Le Forum social mondial se rapproche du paradis

Deux renouvellements importants du processus du Forum social mondial sont en cours. En février 2022, le forum Asie-Pacifique s’est déroulé principalement sur le net, avec une base à Bangkok. Il s’agissait d’une réunion à part entière, mais aussi d’une tentative de renforcer la capacité d’organiser un FSM dans la région asiatique. En septembre 2022, un séminaire a eu lieu à Tunis sur la façon de rendre le processus du FSM plus efficace pour que les mouvements convergent et prennent des décisions tout en maintenant le caractère d’espace ouvert du FSM dans son ensemble. Ceci en créant une assemblée permanente de mouvements, ce qui la rendrait mieux préparée et capable de suivre les décisions prises. Les deux initiatives sont en train de créer une dynamique commune pour revitaliser le processus du Forum social mondial. 
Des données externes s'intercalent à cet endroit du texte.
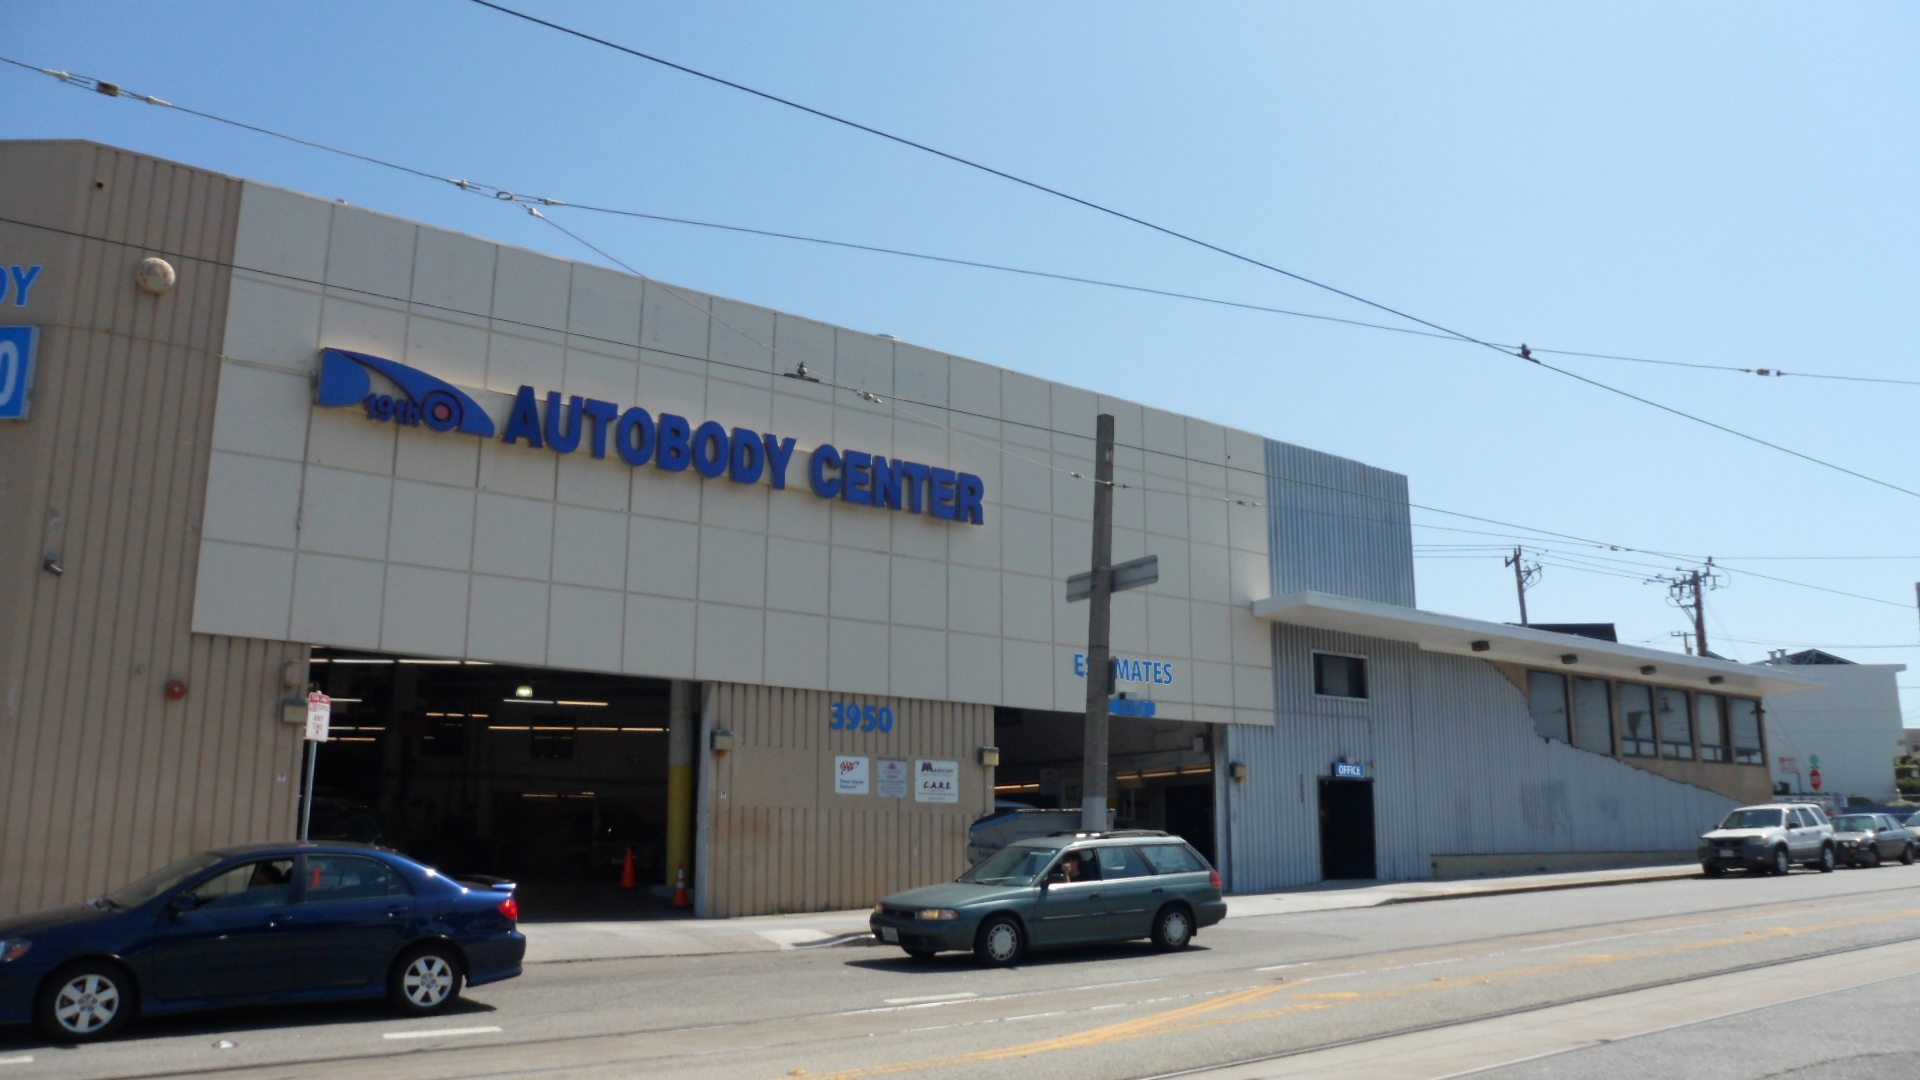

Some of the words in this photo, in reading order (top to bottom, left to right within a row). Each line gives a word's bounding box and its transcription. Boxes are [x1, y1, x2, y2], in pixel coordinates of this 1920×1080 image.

L’un des résultats est que le prochain Forum social mondial (FSM) 2024 devrait avoir lieu au Népal, près du sommet le plus haut du monde. Soutenues par des mouvements de toute l’Asie, les organisations népalaises ont présenté un plan politique et pratique au Conseil international du FSM. Ce plan a été soutenu par toutes les personnes présentes lors de la réunion du Conseil international du FSM du 16 février.

Les personnes oratrices ont été présentées par la militante indienne Meena Menon qui a déclaré que la proposition était soutenue par les responsables du processus du Forum Social Asie-Pacifique provenant des Philippines, de la Malaisie, de la Corée, de l’Asie du Sud. La motivation politique a été présentée par Anselmo Lee, professeur et militant des droits humains en Corée du Sud. Il a commencé par souligner la crise multidimensionnelle à laquelle les mouvements sont actuellement confrontés. La guerre en Ukraine et les tensions militaires en Asie de l’Est, la crise écologique avec les inondations et autres urgences, les conflits nationaux comme au Myanmar, la crise énergétique et alimentaire et le rétrécissement de l’espace civique. Il a poursuivi en affirmant que toutes les questions asiatiques sont globales, tout en rappelant les bons résultats du Forum social asiatique d’Hyderabad en 2003 et du FSM de Mumbai en 2004. Il a également souligné la façon dont les mouvements asiatiques utilisent d’autres processus mondiaux qui se déroulent en Asie pour promouvoir le FSM, comme le G20 en Inde, la COP28 sur le climat à Dubaï et la 5e conférence des Nations Unies sur les PMA (pays les moins avancés) à Doha. Une convergence des mouvements est nécessaire et les mouvements asiatiques se sentent confiants dans le fait qu’ils ont quelque chose à apporter à la solidarité mondiale.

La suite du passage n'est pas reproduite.